I have a higher trust in Norman Borlaug, who won the Nobel Peace Prize speech
for his work in the "Green Revolution". Quoting is speech:

"It is true that the tide of the battle against hunger has changed for the
better during the past three years. But tides have a way of flowing and then
ebbing again. We may be at high tide now, but ebb tide could soon set in if we
become complacent and relax our efforts. For we are dealing with two opposing
forces, the scientific power of food production and the biologic power of
human reproduction. ...

"There can be no permanent progress in the battle against hunger until the
agencies that fight for increased food production and those that fight for
population control unite in a common effort. Fighting alone, they may win
temporary skirmishes, but united they can win a decisive and lasting victory
to provide food and other amenities of a progressive civilization for the
benefit of all mankind

Borlaug believed the carrying capacity was about 10 billion, says
[https://en.wikipedia.org/wiki/Norman_Borlaug](https://en.wikipedia.org/wiki/Norman_Borlaug)
.

(Oddly, this piece didn't directly mention Borlaug's Green Revolution as the
barely-in-time method by which Ehrlich's "Population Bomb" didn't go off in
the 1970s. Nor does it mention GMOs, preferring only "We selected and bred
plants and animals that were more nutritious, fertile and abundant".)

Going back to the essay:

> But they say little, specifically, about how social engineering of such
> extraordinary scale would be imposed in a democratic or equitable fashion.

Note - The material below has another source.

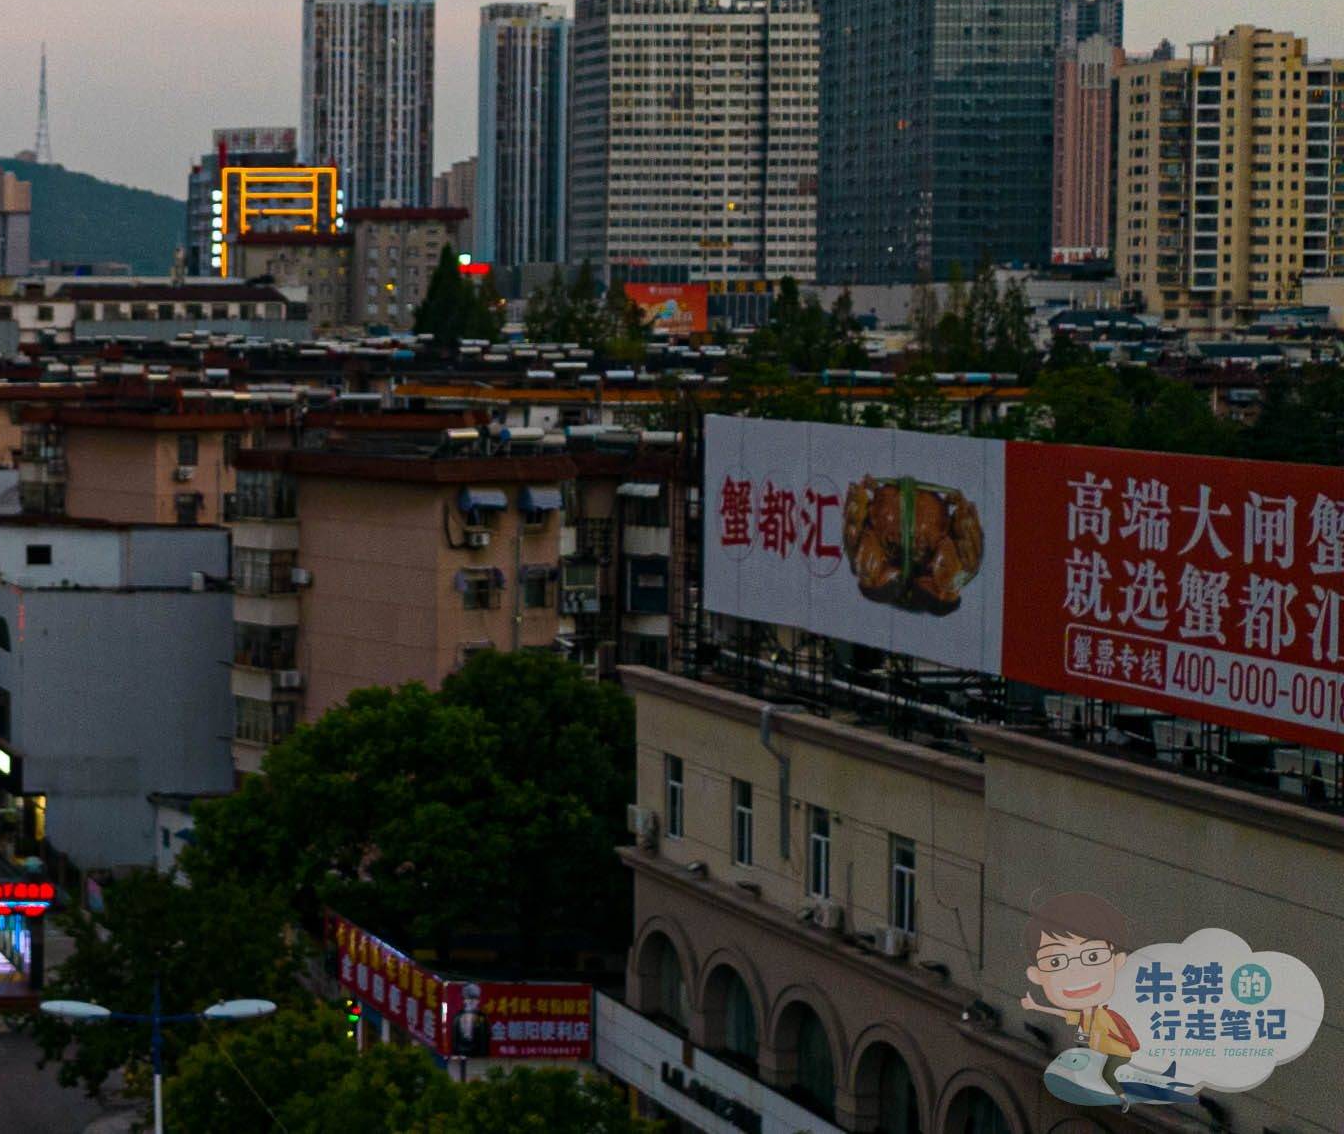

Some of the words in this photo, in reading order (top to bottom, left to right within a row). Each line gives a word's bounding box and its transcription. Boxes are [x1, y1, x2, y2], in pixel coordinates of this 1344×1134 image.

One common one - it must be common as I've heard of it, and I know little of
the topic - is better education for females, which is often significantly
lower than for males. Eg, [https://blogs.worldbank.org/health/female-
education-and-chil...](https://blogs.worldbank.org/health/female-education-
and-childbearing-closer-look-data)

"A study (Pradhan and Canning 2013) of education and fertility in Ethiopia
estimated that an additional year of schooling in Ethiopia would lead to a 7
percentage point reduction in the probability of teenage birth and a 6
percentage point decrease in the probability of marriage. These are large
effects, suggesting that women with eight years of schooling would have a
fertility rate 53 percentage points lower than those with no schooling at all,
and are consistent with observed data."